基于属性的加密(ABE)

Trias联合“北大软微-八分量协同创新实验室”定期举办技术沙龙。该实验室成立于去年9月份，以可信计算、区块链等作为主要研究方向，致力于推动智能互联新时代下的人机互信问题的解决。针对沙龙具体细节问题，我们将推出由实验室教授、博士生主笔撰写的系列文章。本期文章由北京大学的两位博士生李聪、冯新宇撰写。

关注信息安全圈的小伙伴，九月初可能看到了一则新闻，欧洲电信标准协会（ETSI）发布了两套新的基于属性的加密（Attribute-Based Encryption，ABE，下文的描述中均使用英文缩写）标准。新加密标准被认为可确保个人数据只会在用户密钥的属性匹配加密属性时才能解密。

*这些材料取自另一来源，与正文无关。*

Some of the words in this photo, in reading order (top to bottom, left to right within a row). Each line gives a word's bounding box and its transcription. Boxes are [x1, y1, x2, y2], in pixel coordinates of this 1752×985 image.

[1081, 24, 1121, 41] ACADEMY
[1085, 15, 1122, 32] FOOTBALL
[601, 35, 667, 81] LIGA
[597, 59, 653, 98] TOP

看完这则新闻，你或许不禁会问，什么是ABE？什么又叫做用户密钥的属性匹配加密属性？下面就聊聊ABE中的几个基本问题。

属性，属性集合及策略

百度百科中对属性的解释是：“属性就是人类对于一个对象的抽象方面的刻画。由于事物属性的相同或相异，客观世界中就形成了许多不同的事物类。具有相同属性的事物就形成一类，具有不同属性的事物就分别地形成不同的类。

在ABE中，属性也有着相似的作用。举个例子，Jacky Li是A大学信息安全学院的教授，那么“A大学”，“信息安全学院”以及“教授”就是ABE中刻画Jacky Li这个人的多个属性，这些属性可以构成一个属性集合，我们可以把它记为集合SJacky L。

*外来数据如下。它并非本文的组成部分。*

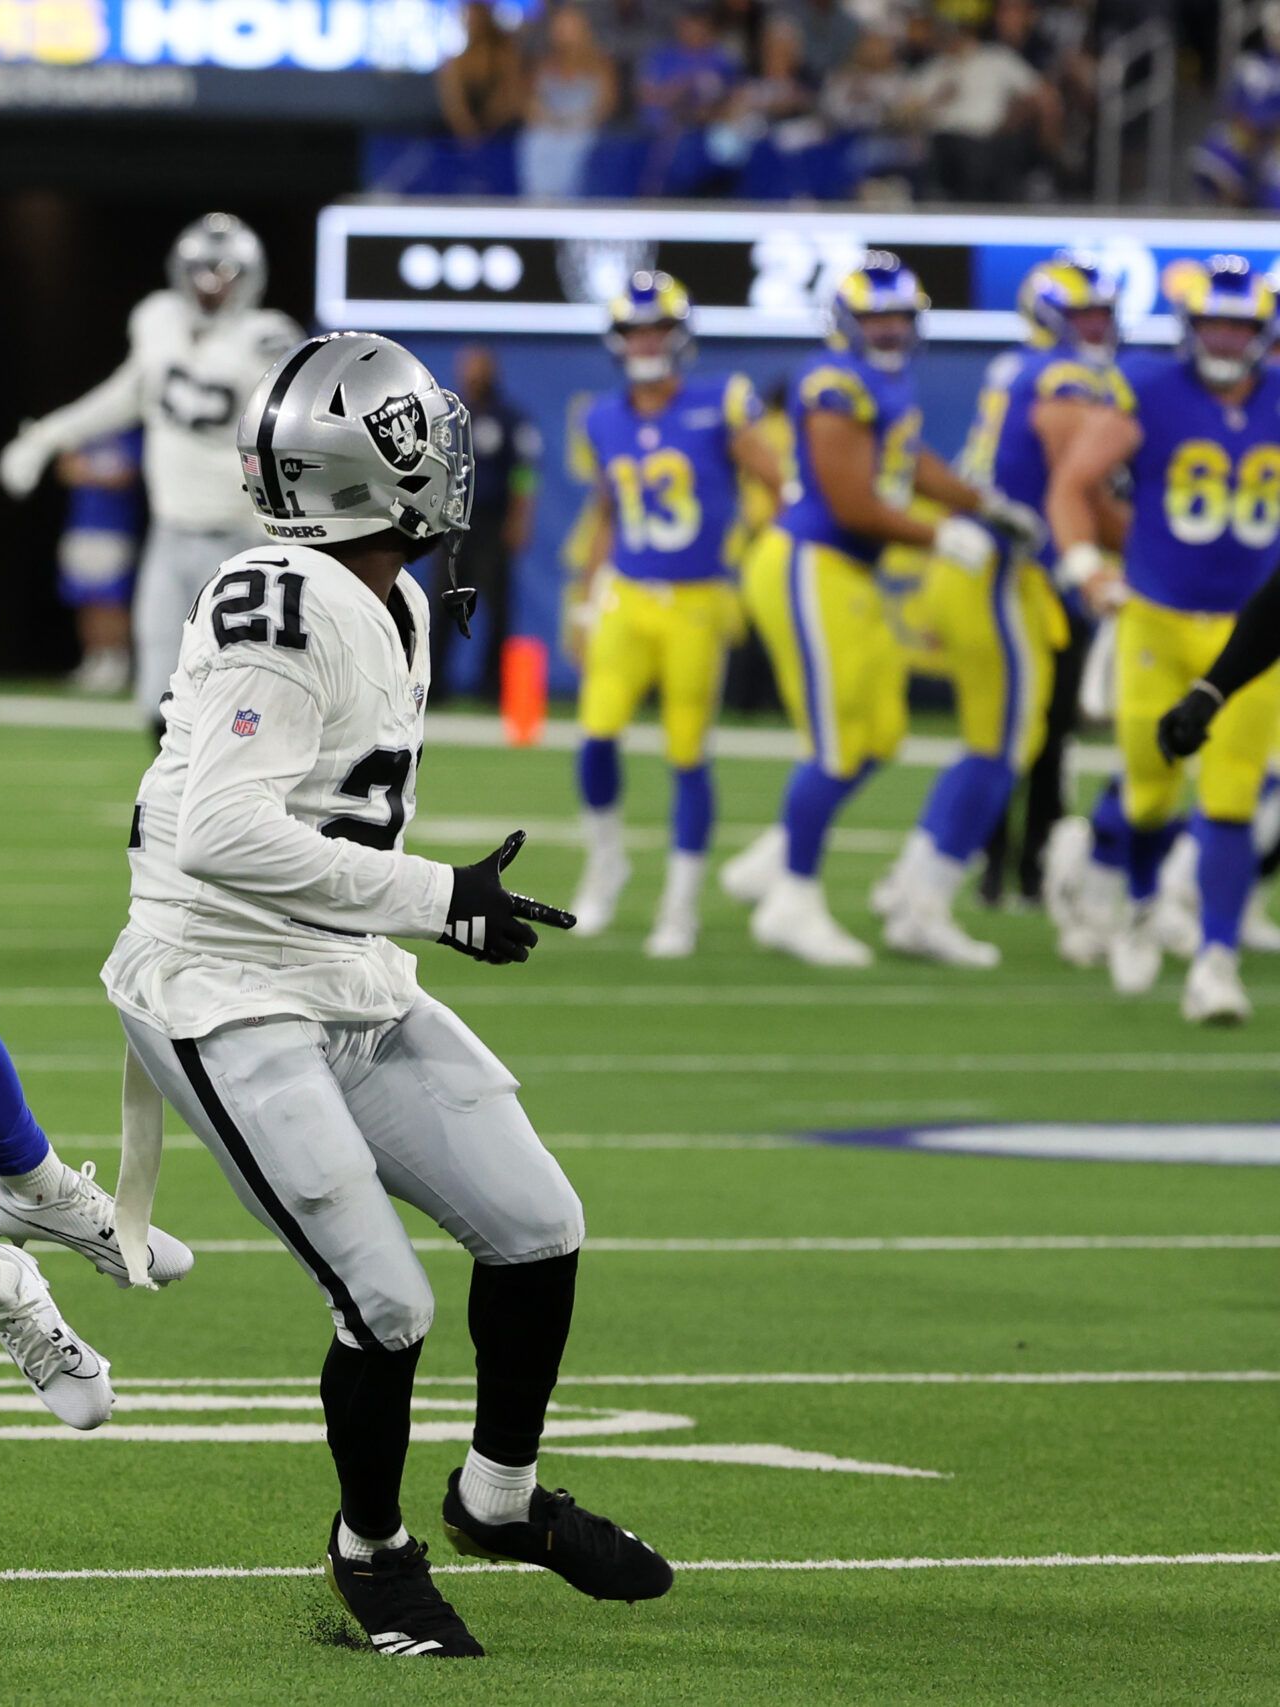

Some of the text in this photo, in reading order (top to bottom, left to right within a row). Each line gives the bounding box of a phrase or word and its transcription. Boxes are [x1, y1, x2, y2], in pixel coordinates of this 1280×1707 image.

[607, 447, 702, 553] 13
[263, 522, 327, 538] RAIDERS
[210, 567, 310, 650] 21
[233, 718, 257, 736] NFL

下面我们聊聊策略。一种简单的理解是策略实际即是由属性及它们间关系所组成的一个逻辑表达式，例如下式Policy1：

参与X课题 or（信息安全学院 and A大学and 教授）

这是一条简单的策略，其表达的含义是唯有X课题组的成员或是A大学信息安全学院的教授才能满足其要求。

最后，还必须说说属性集合与策略的匹配。

我们仍使用SJacky Li与Policy1进行说明。SJacky Li集合中没有“参与X课题”这一属性，故其无法满足策略的前半部分；而策略的后半部分，要求“信息安全学院”、“A大学”、“教授”这三个属性同时出现，而SJacky Li同时包含了这三个属性，所以属性集合匹配策略后半部分，由于策略前后两部分是or的关系，故属性集合SJacky Li能够满足策略Policy1，我们称之为属性集合与策略匹配成功。
倘若此时另一个用户Johnson，他的属性集合是SJohnson= {计算机学院，A大学，教授}，显然SJohnson无法满足Policy1，此时属性集合与策略匹配失败。

什么是ABE？

清楚了ABE中的属性及策略的概念，我们开始解释什么是ABE。抛开严谨的定义，用一句话说明ABE加密算法其实就是看属性集合与策略是否相匹配的一个公钥加密“游戏”。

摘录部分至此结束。